Recorded information
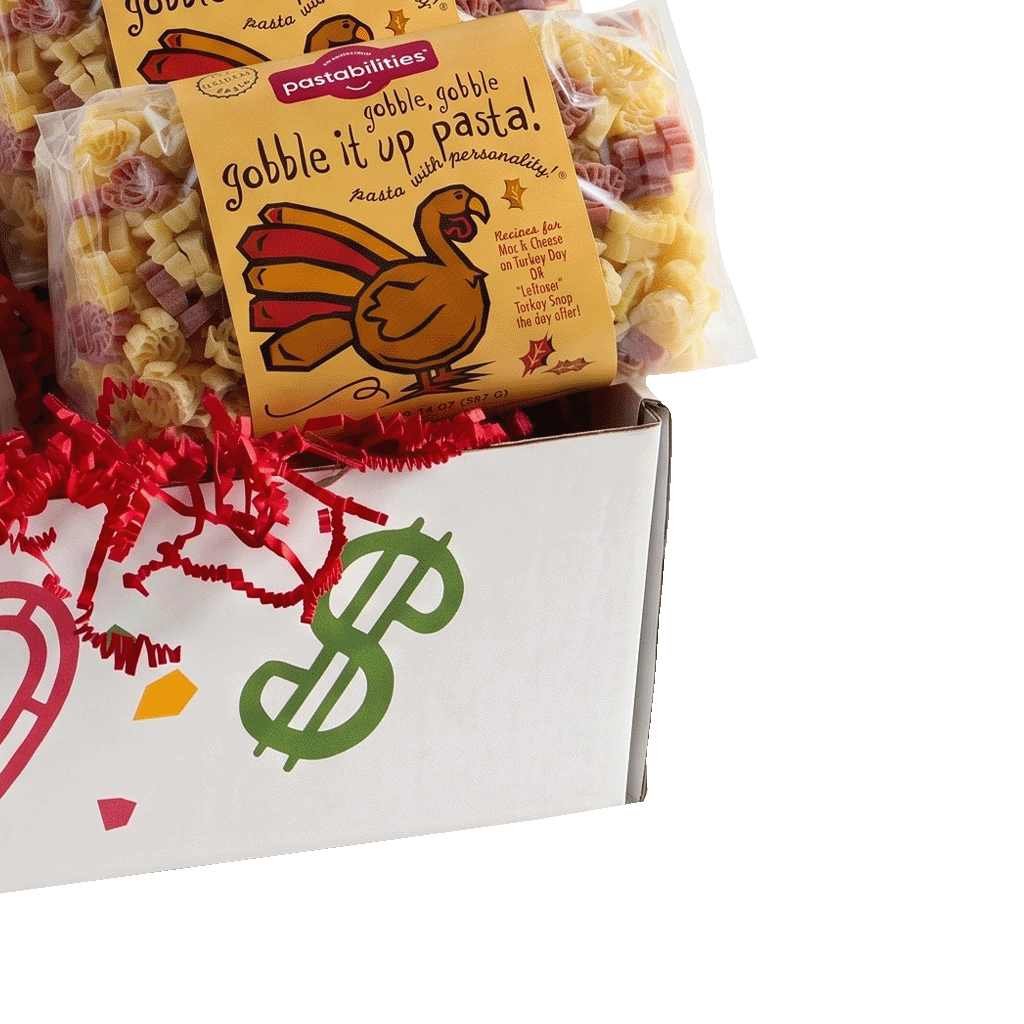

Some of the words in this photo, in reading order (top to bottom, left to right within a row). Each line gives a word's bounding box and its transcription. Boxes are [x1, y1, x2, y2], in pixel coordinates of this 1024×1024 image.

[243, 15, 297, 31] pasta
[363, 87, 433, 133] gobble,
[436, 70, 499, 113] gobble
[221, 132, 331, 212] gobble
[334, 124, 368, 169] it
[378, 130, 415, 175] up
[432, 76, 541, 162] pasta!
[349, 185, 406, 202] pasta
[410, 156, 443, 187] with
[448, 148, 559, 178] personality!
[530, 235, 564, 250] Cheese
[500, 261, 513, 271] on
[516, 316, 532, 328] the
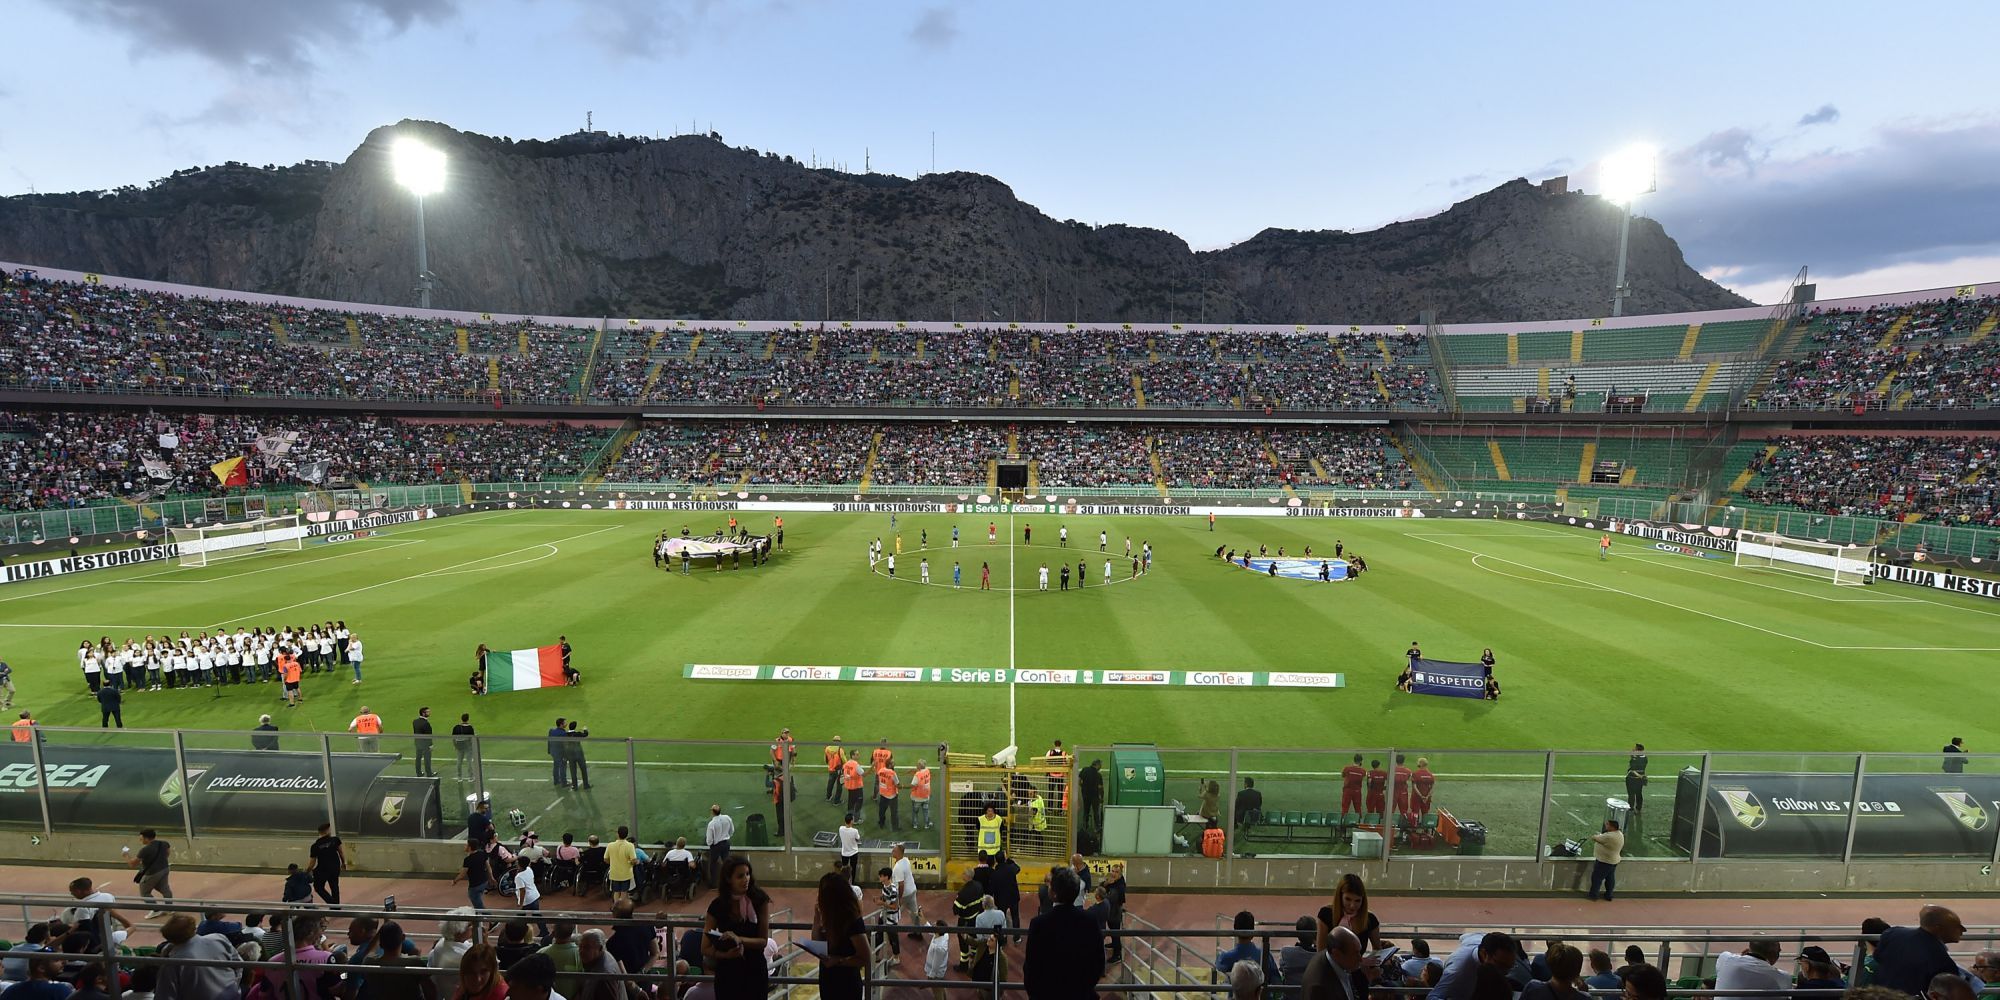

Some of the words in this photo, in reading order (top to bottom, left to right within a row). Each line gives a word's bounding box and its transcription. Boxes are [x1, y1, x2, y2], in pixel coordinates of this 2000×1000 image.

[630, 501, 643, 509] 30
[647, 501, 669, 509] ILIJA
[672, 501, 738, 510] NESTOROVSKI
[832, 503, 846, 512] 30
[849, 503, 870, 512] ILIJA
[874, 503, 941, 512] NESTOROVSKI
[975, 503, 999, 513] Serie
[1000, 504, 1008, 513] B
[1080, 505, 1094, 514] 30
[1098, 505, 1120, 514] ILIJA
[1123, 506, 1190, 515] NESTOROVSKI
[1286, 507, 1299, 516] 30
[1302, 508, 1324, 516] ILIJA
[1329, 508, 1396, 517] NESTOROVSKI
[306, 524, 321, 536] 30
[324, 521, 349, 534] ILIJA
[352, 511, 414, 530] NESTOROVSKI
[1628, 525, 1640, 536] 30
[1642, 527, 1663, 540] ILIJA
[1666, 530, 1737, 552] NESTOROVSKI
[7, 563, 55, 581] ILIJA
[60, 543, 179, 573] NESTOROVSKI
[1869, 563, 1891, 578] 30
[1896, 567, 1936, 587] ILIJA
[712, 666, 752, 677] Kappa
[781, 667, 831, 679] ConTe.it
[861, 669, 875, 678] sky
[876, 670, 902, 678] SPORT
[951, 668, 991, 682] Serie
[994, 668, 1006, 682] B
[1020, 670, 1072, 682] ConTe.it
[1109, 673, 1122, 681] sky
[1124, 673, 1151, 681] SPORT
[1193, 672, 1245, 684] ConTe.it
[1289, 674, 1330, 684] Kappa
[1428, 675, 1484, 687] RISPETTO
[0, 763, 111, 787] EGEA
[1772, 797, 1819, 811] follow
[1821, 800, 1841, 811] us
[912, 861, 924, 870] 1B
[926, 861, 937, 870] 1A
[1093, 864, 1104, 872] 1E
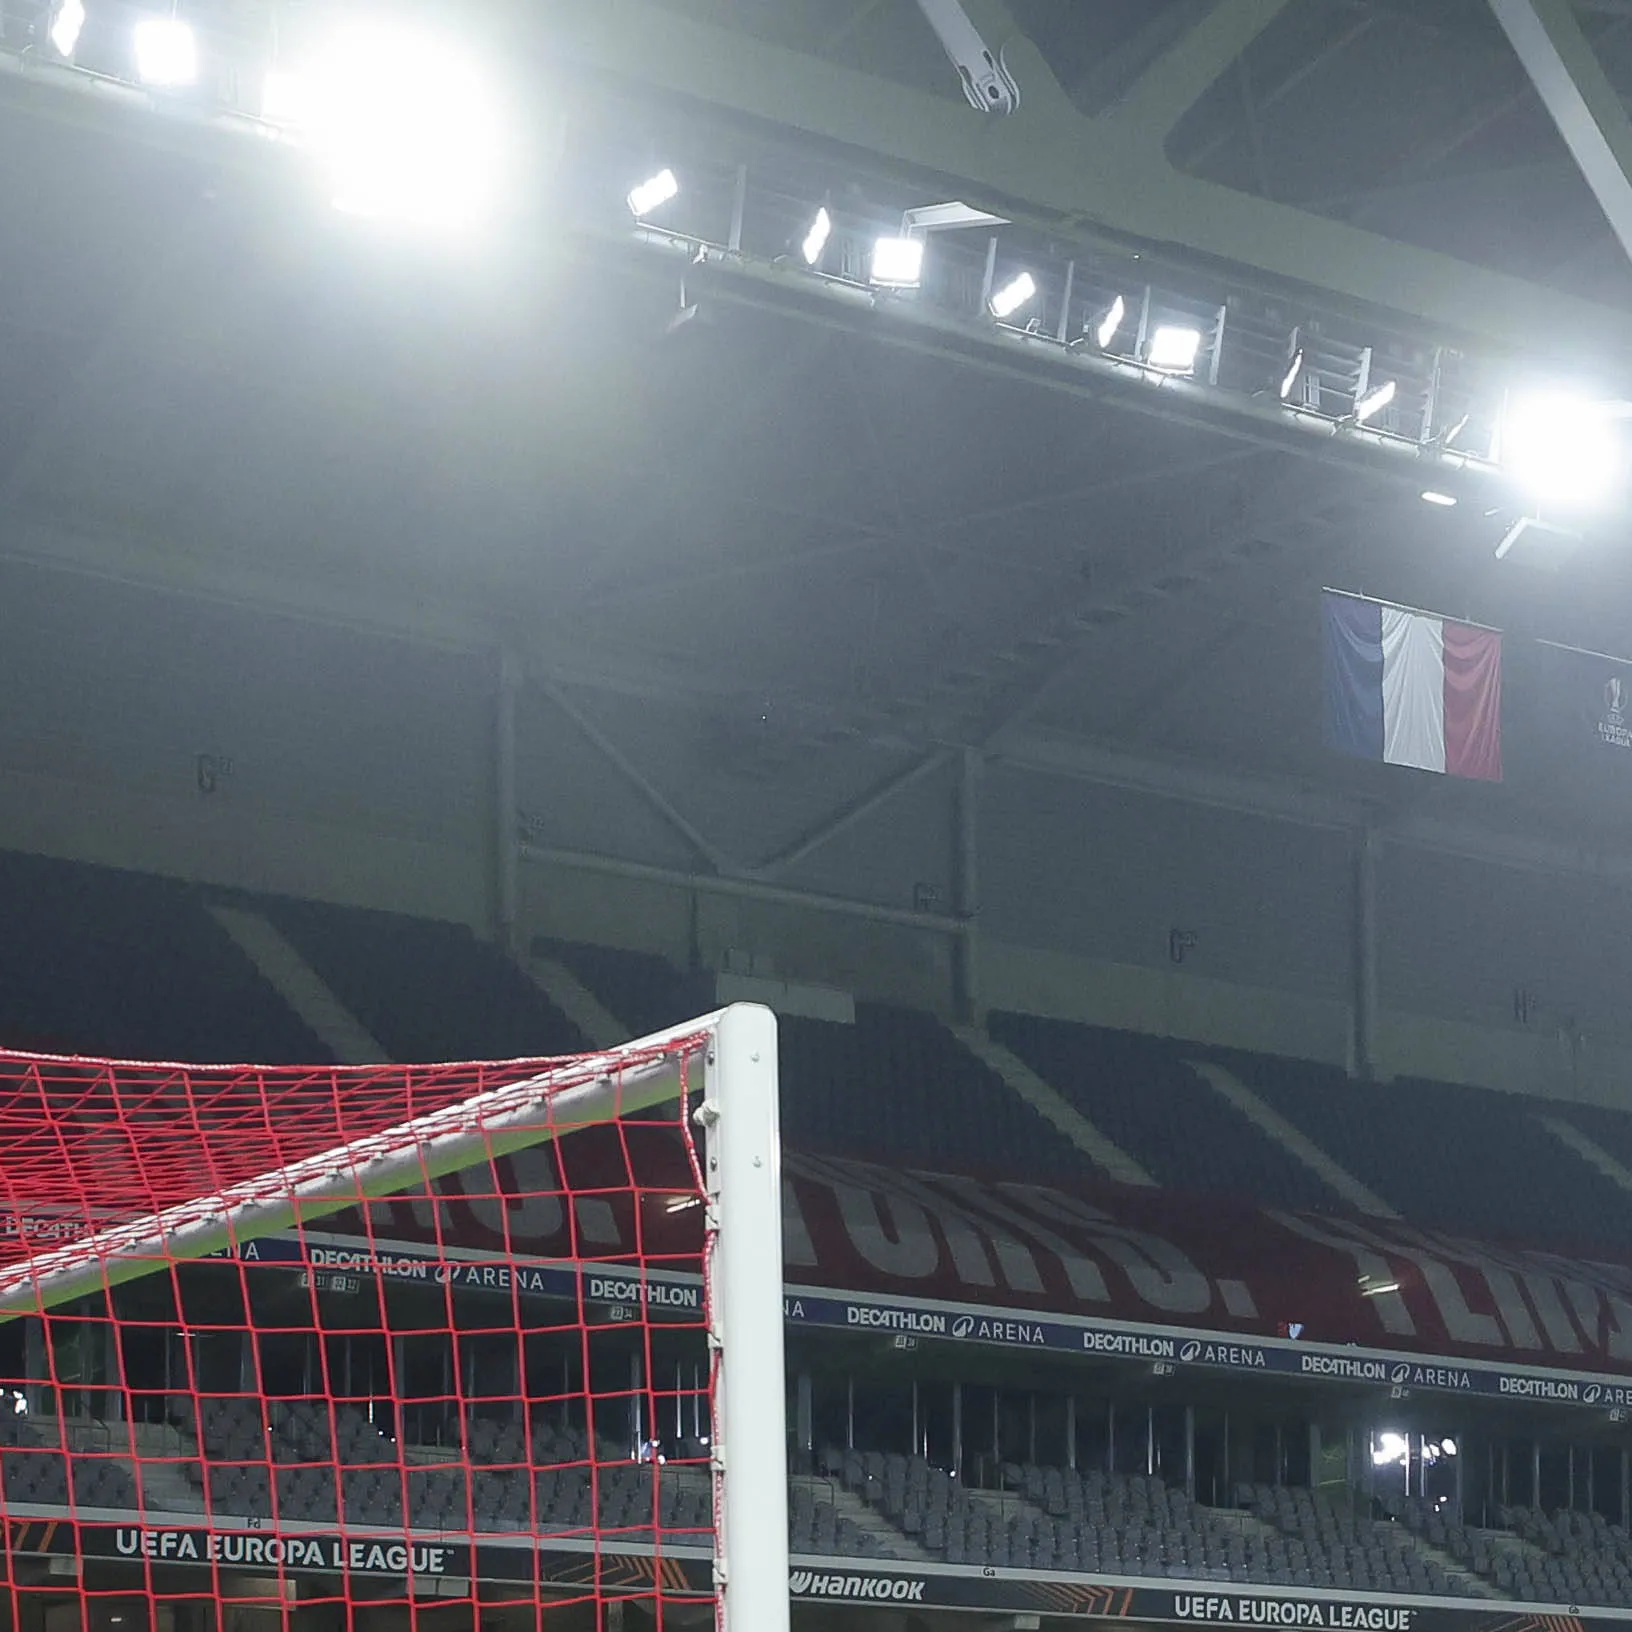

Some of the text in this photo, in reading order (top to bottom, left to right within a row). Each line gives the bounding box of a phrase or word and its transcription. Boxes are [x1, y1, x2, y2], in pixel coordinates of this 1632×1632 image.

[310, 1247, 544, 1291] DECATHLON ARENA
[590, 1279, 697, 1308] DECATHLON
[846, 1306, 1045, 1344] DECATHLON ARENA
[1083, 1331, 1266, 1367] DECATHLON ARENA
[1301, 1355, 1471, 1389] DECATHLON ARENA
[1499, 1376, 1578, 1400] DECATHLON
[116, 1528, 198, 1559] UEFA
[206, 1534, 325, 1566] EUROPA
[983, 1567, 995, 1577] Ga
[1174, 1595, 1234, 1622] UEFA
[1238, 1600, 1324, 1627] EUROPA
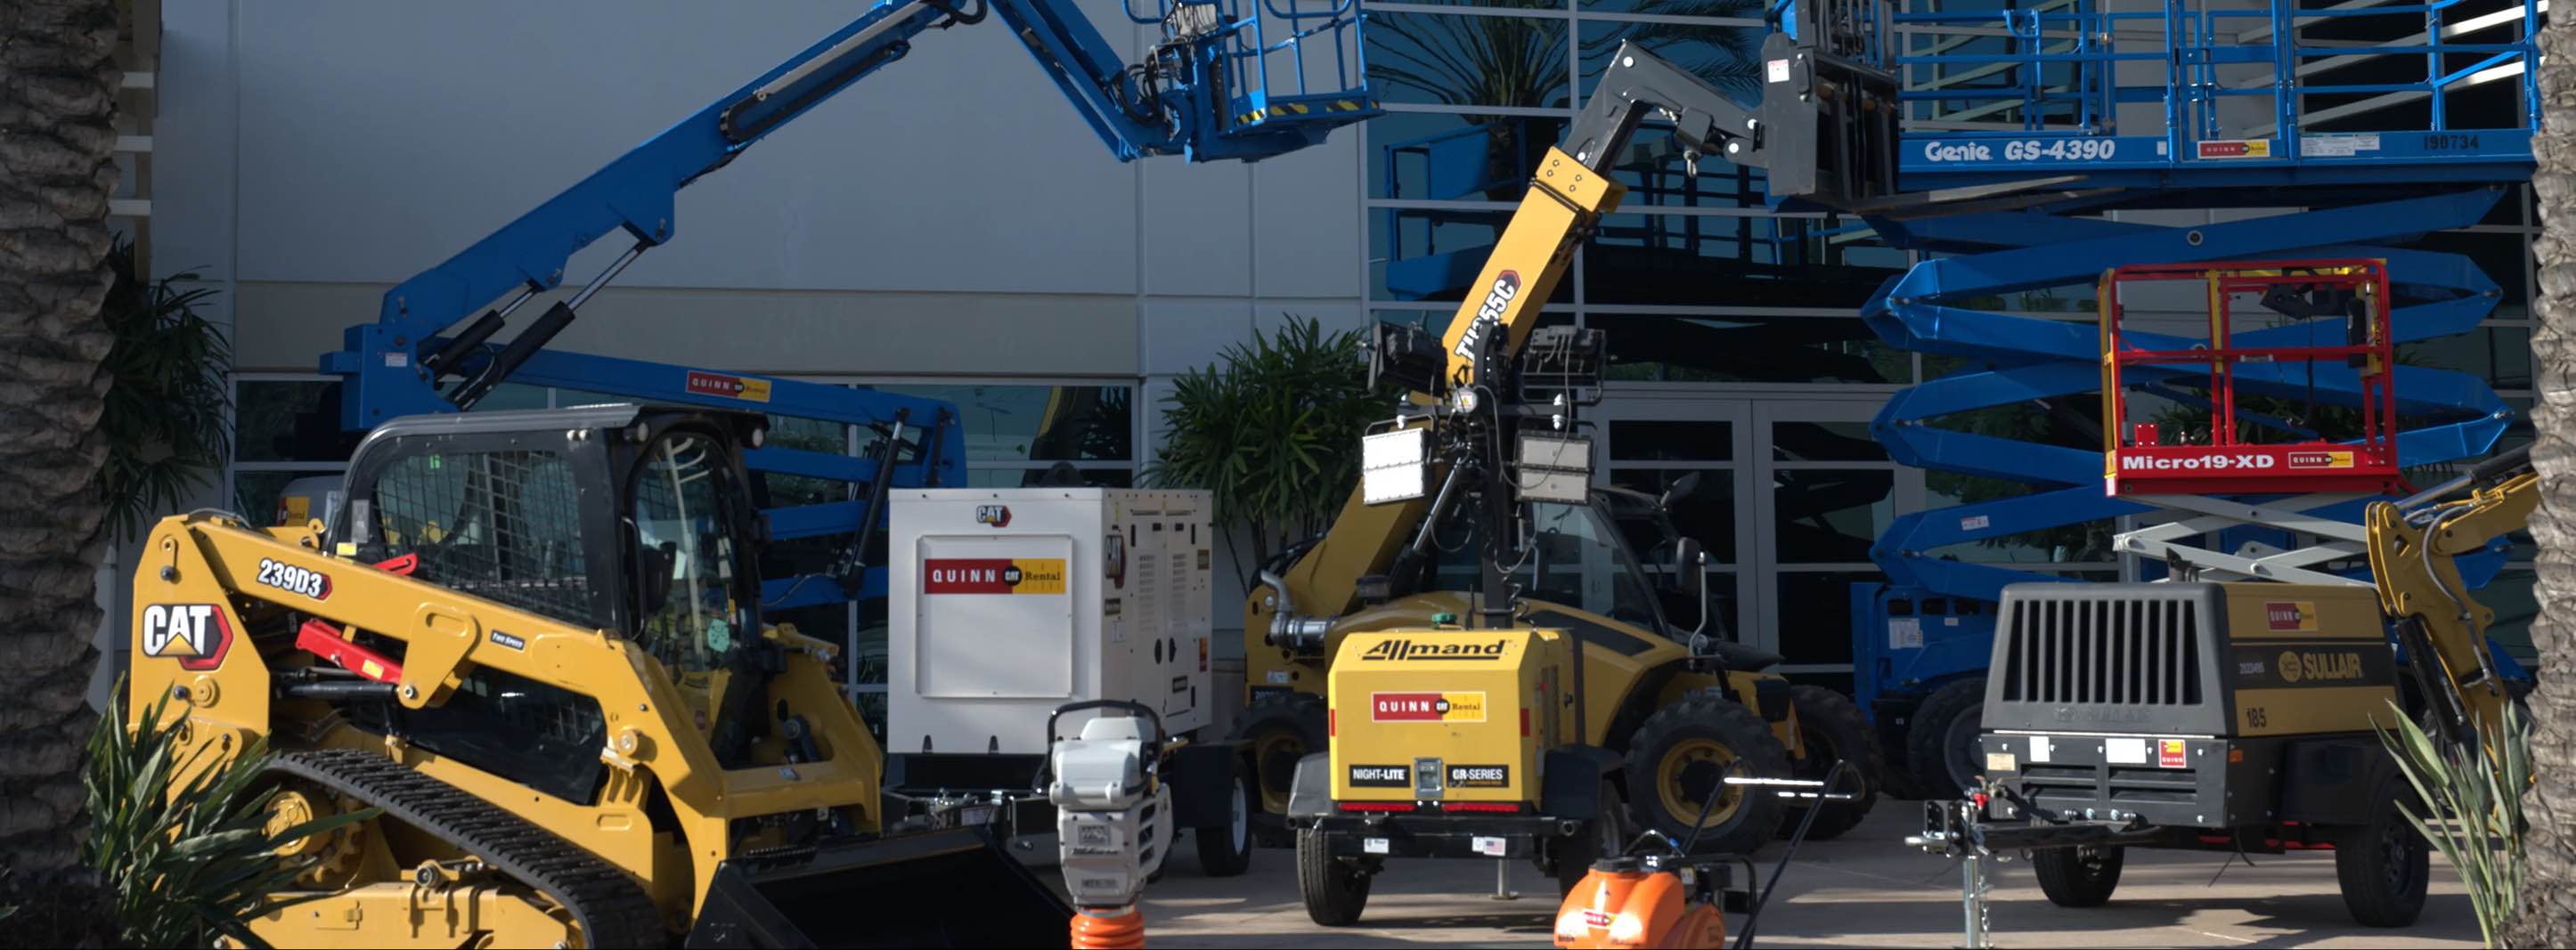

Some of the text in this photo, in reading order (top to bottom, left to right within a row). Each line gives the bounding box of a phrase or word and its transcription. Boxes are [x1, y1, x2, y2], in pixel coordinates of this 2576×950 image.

What the exercise asks
Copy all the records word for word and keep the pictures out.

Expected answer
Some of the words in this photo, in reading order (top to bottom, left to right within a row). Each line gives a word's bounding box and its transcription. Boxes are [x1, y1, x2, y2], in pixel coordinates of this 1024×1024 image.

[243, 15, 297, 31] pasta
[363, 87, 433, 133] gobble,
[436, 70, 499, 113] gobble
[221, 132, 331, 212] gobble
[334, 124, 368, 169] it
[378, 130, 415, 175] up
[432, 76, 541, 162] pasta!
[349, 185, 406, 202] pasta
[410, 156, 443, 187] with
[448, 148, 559, 178] personality!
[530, 235, 564, 250] Cheese
[500, 261, 513, 271] on
[516, 316, 532, 328] the

Some of the words in this photo, in reading order (top to bottom, left to right within a row). Each line gives a word's bounding box and its transcription. Boxes are [x1, y1, x2, y2], in pixel coordinates of this 2000×1000 image.

[630, 501, 643, 509] 30
[647, 501, 669, 509] ILIJA
[672, 501, 738, 510] NESTOROVSKI
[832, 503, 846, 512] 30
[849, 503, 870, 512] ILIJA
[874, 503, 941, 512] NESTOROVSKI
[975, 503, 999, 513] Serie
[1000, 504, 1008, 513] B
[1080, 505, 1094, 514] 30
[1098, 505, 1120, 514] ILIJA
[1123, 506, 1190, 515] NESTOROVSKI
[1286, 507, 1299, 516] 30
[1302, 508, 1324, 516] ILIJA
[1329, 508, 1396, 517] NESTOROVSKI
[306, 524, 321, 536] 30
[324, 521, 349, 534] ILIJA
[352, 511, 414, 530] NESTOROVSKI
[1628, 525, 1640, 536] 30
[1642, 527, 1663, 540] ILIJA
[1666, 530, 1737, 552] NESTOROVSKI
[7, 563, 55, 581] ILIJA
[60, 543, 179, 573] NESTOROVSKI
[1869, 563, 1891, 578] 30
[1896, 567, 1936, 587] ILIJA
[712, 666, 752, 677] Kappa
[781, 667, 831, 679] ConTe.it
[861, 669, 875, 678] sky
[876, 670, 902, 678] SPORT
[951, 668, 991, 682] Serie
[994, 668, 1006, 682] B
[1020, 670, 1072, 682] ConTe.it
[1109, 673, 1122, 681] sky
[1124, 673, 1151, 681] SPORT
[1193, 672, 1245, 684] ConTe.it
[1289, 674, 1330, 684] Kappa
[1428, 675, 1484, 687] RISPETTO
[0, 763, 111, 787] EGEA
[1772, 797, 1819, 811] follow
[1821, 800, 1841, 811] us
[912, 861, 924, 870] 1B
[926, 861, 937, 870] 1A
[1093, 864, 1104, 872] 1E

Some of the text in this photo, in reading order (top to bottom, left to right within a row). Each line gives the bounding box of a phrase or word and its transcription. Boxes are [x1, y1, x2, y2], in pixel coordinates of this 1632×1632 image.

[310, 1247, 544, 1291] DECATHLON ARENA
[590, 1279, 697, 1308] DECATHLON
[846, 1306, 1045, 1344] DECATHLON ARENA
[1083, 1331, 1266, 1367] DECATHLON ARENA
[1301, 1355, 1471, 1389] DECATHLON ARENA
[1499, 1376, 1578, 1400] DECATHLON
[116, 1528, 198, 1559] UEFA
[206, 1534, 325, 1566] EUROPA
[983, 1567, 995, 1577] Ga
[1174, 1595, 1234, 1622] UEFA
[1238, 1600, 1324, 1627] EUROPA

Some of the text in this photo, in reading order (top to bottom, left to right within a row). Each line gives the bounding box of a phrase or word and its transcription. Boxes are [x1, y1, x2, y2], in pixel coordinates of this 2576×950 image.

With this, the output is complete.